◆ Task details
Each record is to be printed again exactly, though not its pictures.

Start of Materials provided

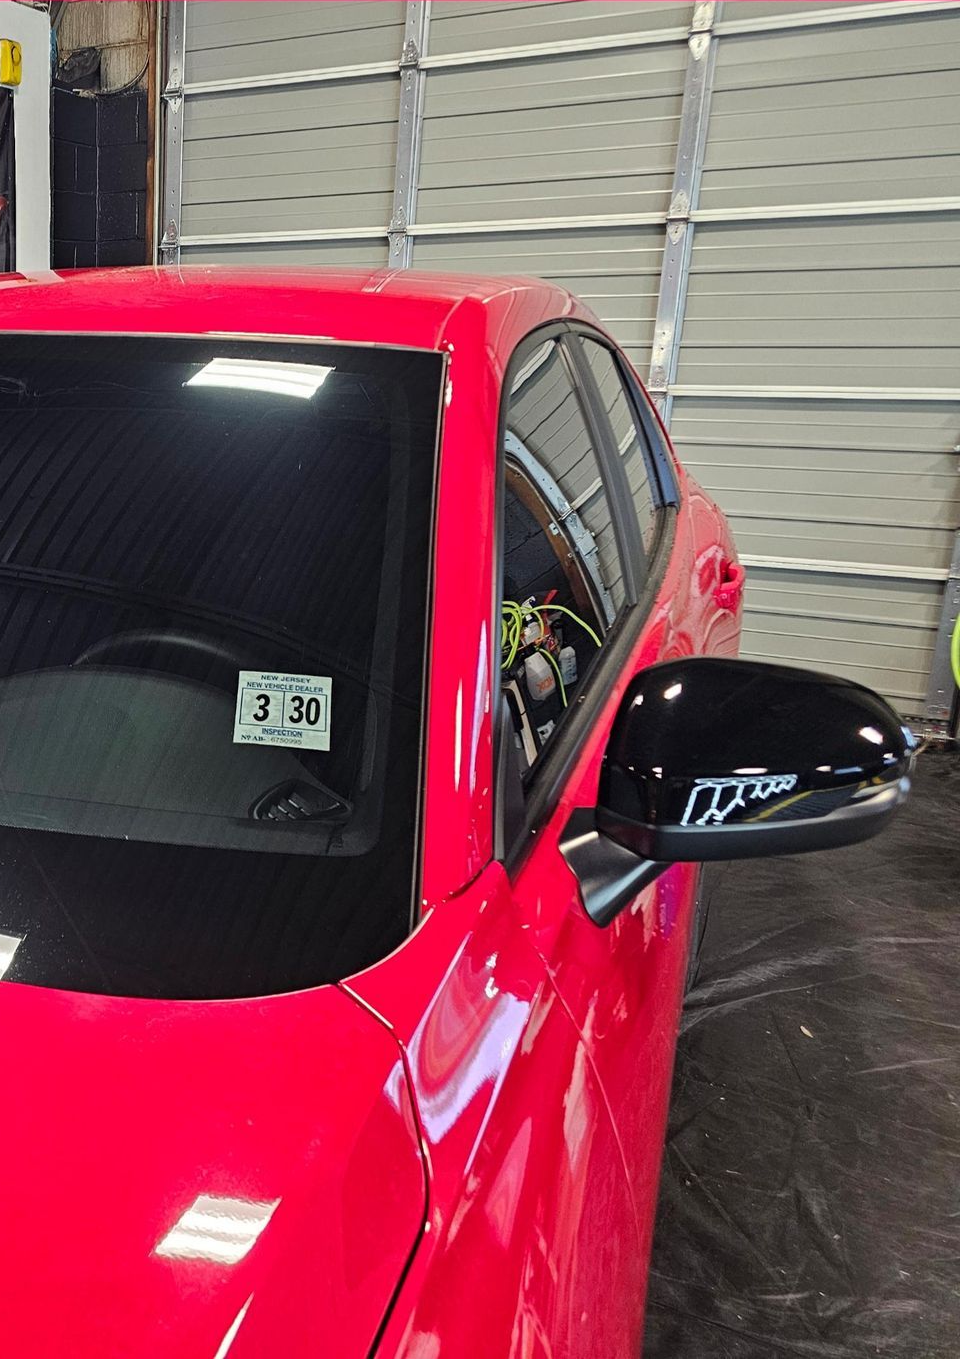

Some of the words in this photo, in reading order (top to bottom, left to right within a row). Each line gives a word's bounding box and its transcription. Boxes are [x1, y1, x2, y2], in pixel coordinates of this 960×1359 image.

[281, 676, 311, 684] JERSEY
[264, 683, 294, 691] VEHICLE
[294, 685, 324, 693] DEALER
[252, 693, 271, 722] 3
[288, 695, 321, 726] 30
[261, 727, 303, 738] INSPECTION

End of Materials provided

◆ Problem solution
Some of the words in this photo, in reading order (top to bottom, left to right within a row). Each line gives a word's bounding box and its transcription. Boxes are [x1, y1, x2, y2], in pixel coordinates of this 960×1359 image.

[281, 676, 311, 684] JERSEY
[264, 683, 294, 691] VEHICLE
[294, 685, 324, 693] DEALER
[252, 693, 271, 722] 3
[288, 695, 321, 726] 30
[261, 727, 303, 738] INSPECTION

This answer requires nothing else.